:: Dataset records

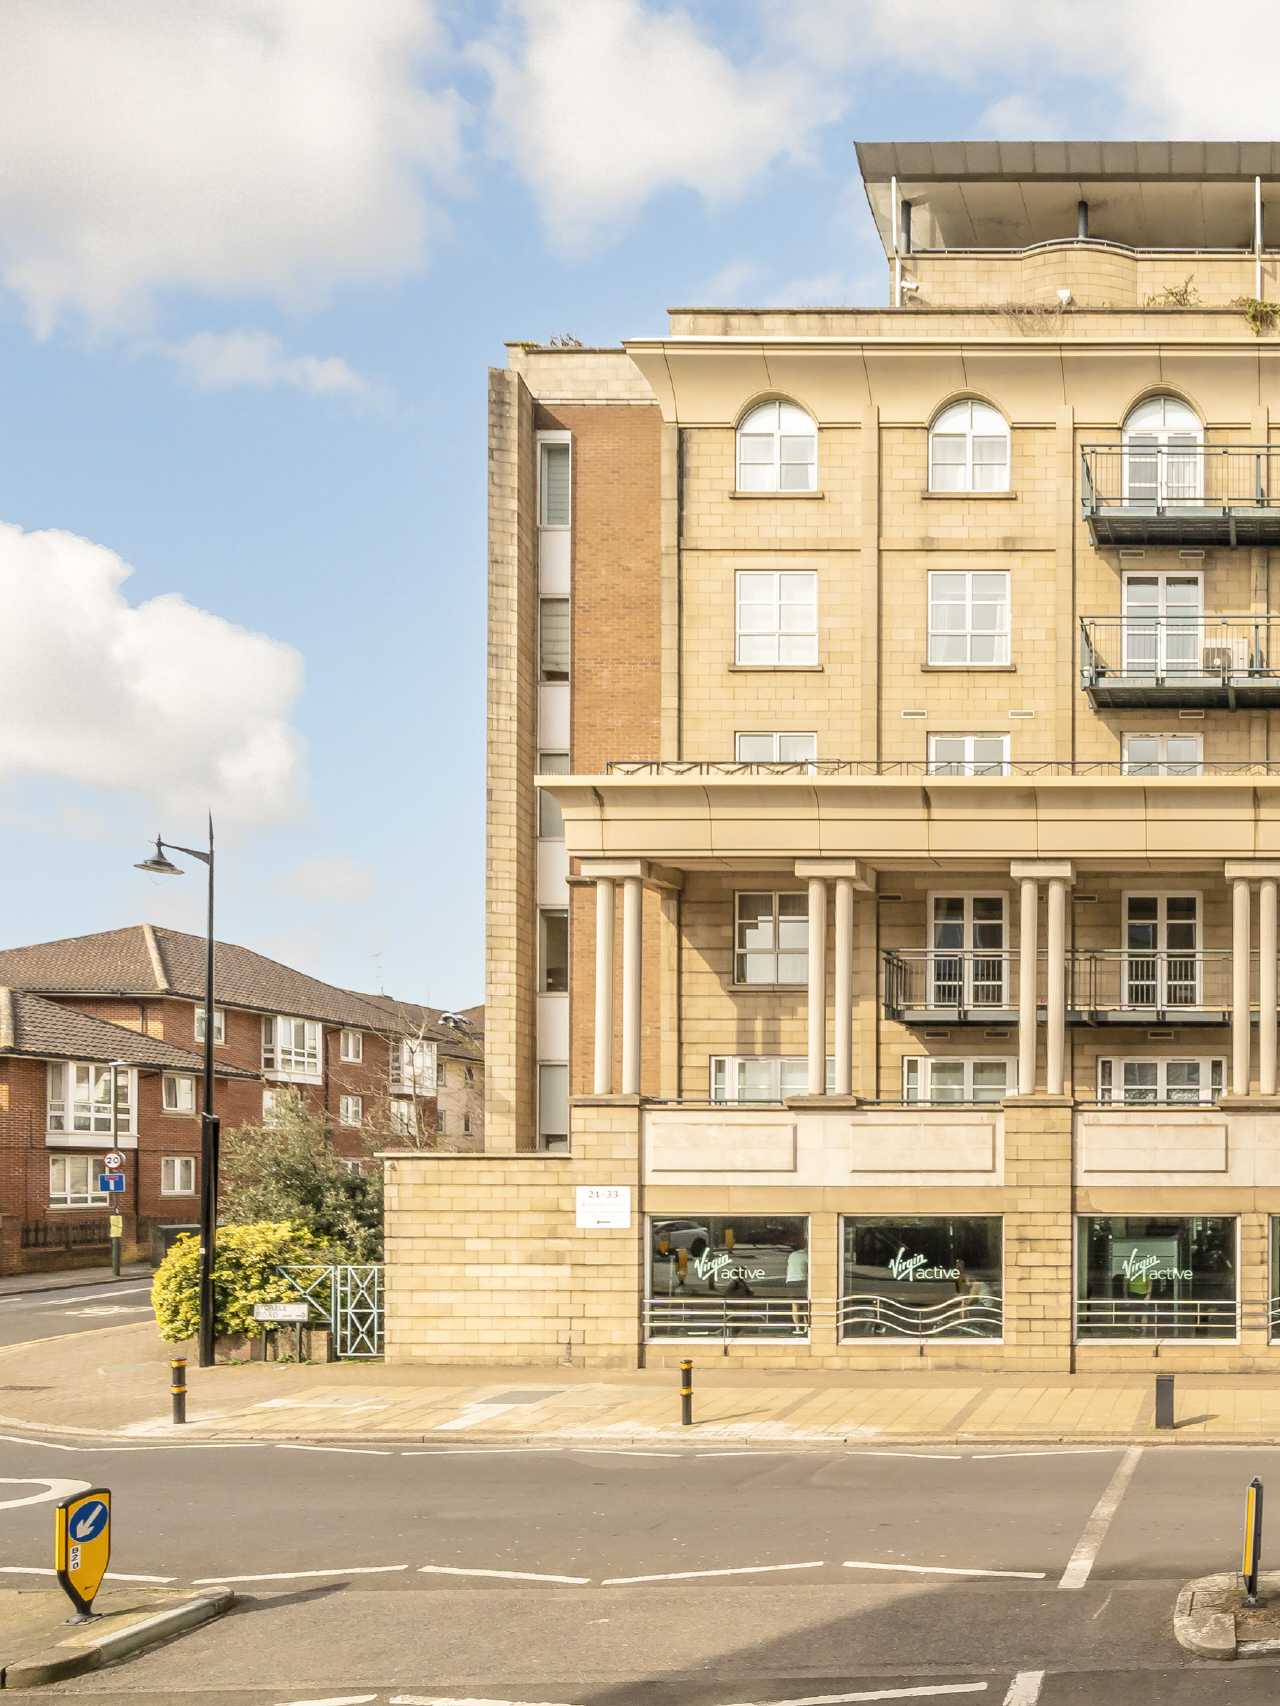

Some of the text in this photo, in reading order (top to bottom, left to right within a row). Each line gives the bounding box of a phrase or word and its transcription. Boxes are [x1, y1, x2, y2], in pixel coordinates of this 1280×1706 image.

[106, 1156, 119, 1164] 20
[694, 1247, 766, 1282] Virgin active
[888, 1247, 960, 1282] Virgin active
[1121, 1247, 1193, 1282] Virgin active
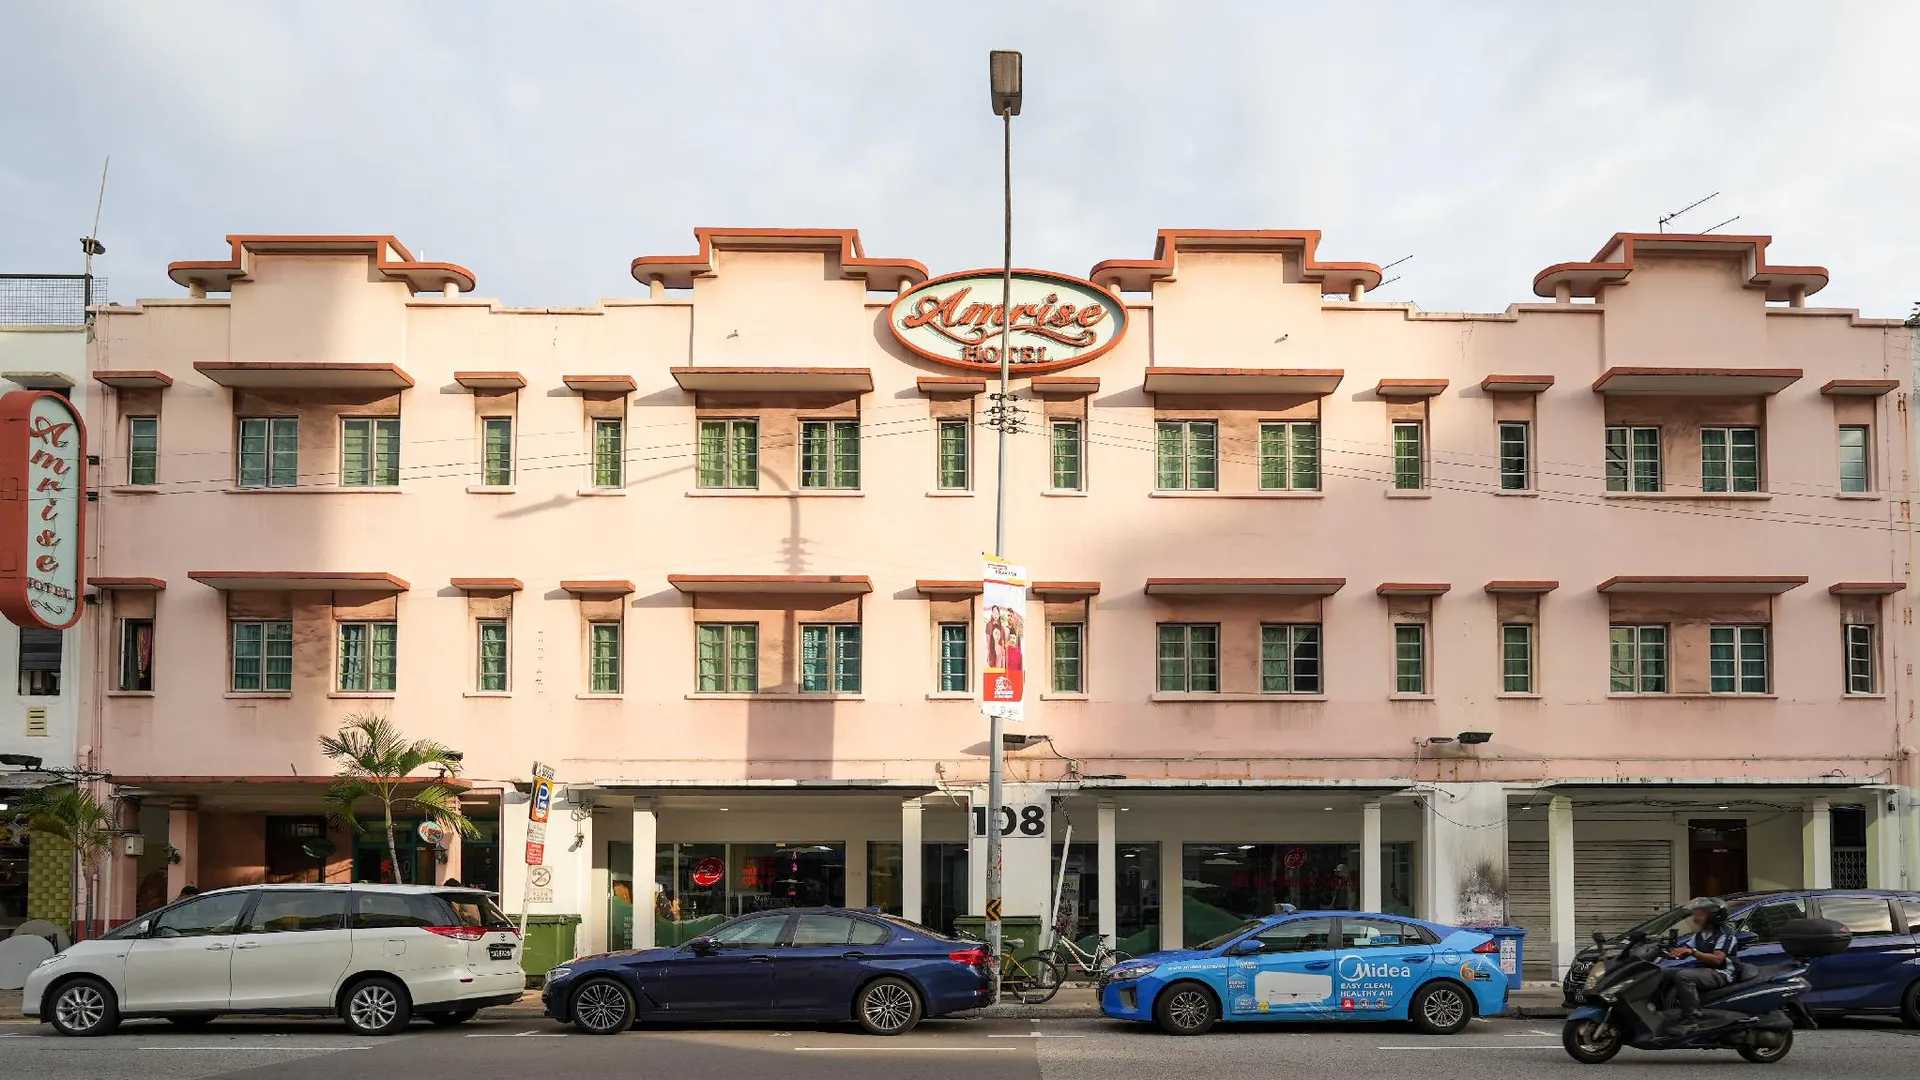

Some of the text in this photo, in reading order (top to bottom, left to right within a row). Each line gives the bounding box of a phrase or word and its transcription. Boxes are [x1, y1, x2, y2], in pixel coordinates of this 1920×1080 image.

[903, 286, 1109, 340] Amrise
[962, 346, 1051, 363] HOTEL
[30, 416, 73, 573] Amrise
[972, 805, 1045, 836] 108
[1351, 963, 1411, 978] Midea
[1460, 961, 1475, 983] 6
[1364, 982, 1393, 990] CLEAN,

::::

About this task
Copy everything in the listing above exactly except the pictures.

Task solution
Some of the text in this photo, in reading order (top to bottom, left to right within a row). Each line gives the bounding box of a phrase or word and its transcription. Boxes are [x1, y1, x2, y2], in pixel coordinates of this 1280×1706 image.

[106, 1156, 119, 1164] 20
[694, 1247, 766, 1282] Virgin active
[888, 1247, 960, 1282] Virgin active
[1121, 1247, 1193, 1282] Virgin active

Some of the text in this photo, in reading order (top to bottom, left to right within a row). Each line gives the bounding box of a phrase or word and its transcription. Boxes are [x1, y1, x2, y2], in pixel coordinates of this 1920×1080 image.

[903, 286, 1109, 340] Amrise
[962, 346, 1051, 363] HOTEL
[30, 416, 73, 573] Amrise
[972, 805, 1045, 836] 108
[1351, 963, 1411, 978] Midea
[1460, 961, 1475, 983] 6
[1364, 982, 1393, 990] CLEAN,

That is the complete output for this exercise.